- BRIEF:
An unchanged copy of all the lines below is expected, and it should contain no pictures.

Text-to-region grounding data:
.....

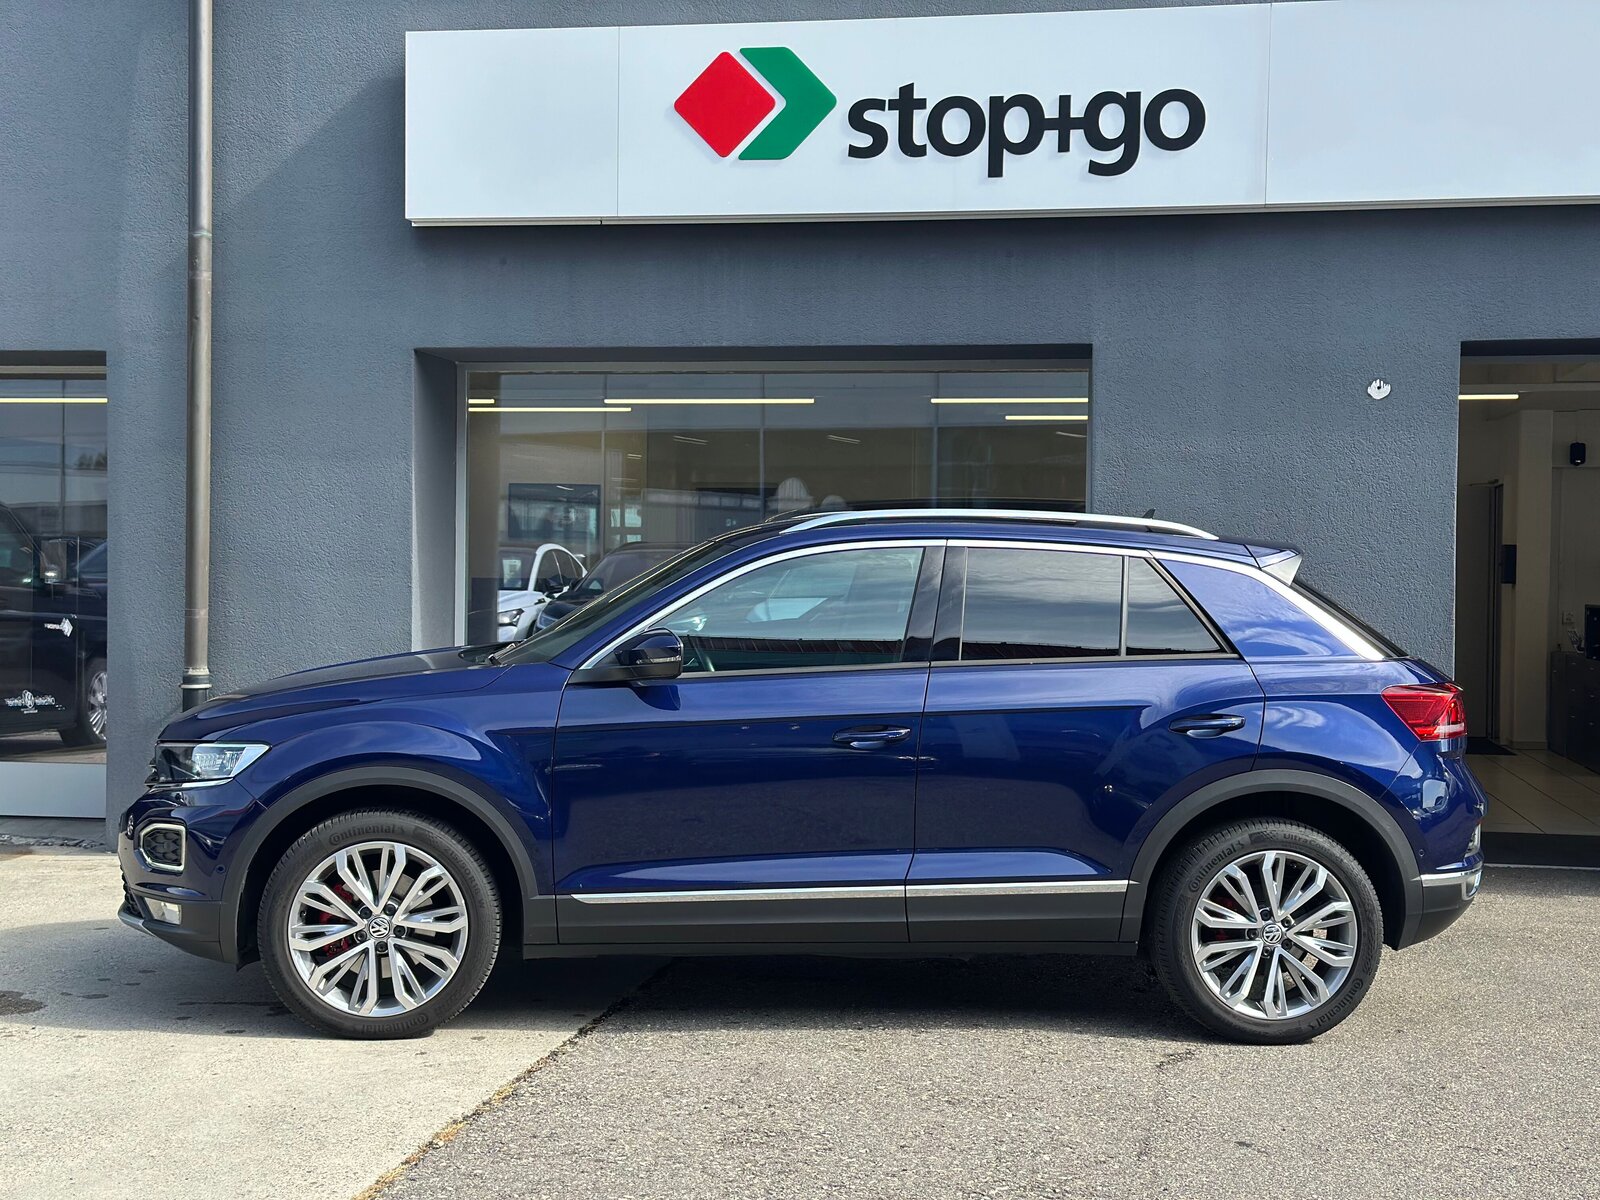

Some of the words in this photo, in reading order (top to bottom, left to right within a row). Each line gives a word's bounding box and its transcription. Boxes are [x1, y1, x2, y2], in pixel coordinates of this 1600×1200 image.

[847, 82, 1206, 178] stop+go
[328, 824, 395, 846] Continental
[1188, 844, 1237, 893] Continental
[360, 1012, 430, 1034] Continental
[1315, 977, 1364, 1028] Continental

.....

- COMPLETED TASK:
Some of the words in this photo, in reading order (top to bottom, left to right within a row). Each line gives a word's bounding box and its transcription. Boxes are [x1, y1, x2, y2], in pixel coordinates of this 1600×1200 image.

[847, 82, 1206, 178] stop+go
[328, 824, 395, 846] Continental
[1188, 844, 1237, 893] Continental
[360, 1012, 430, 1034] Continental
[1315, 977, 1364, 1028] Continental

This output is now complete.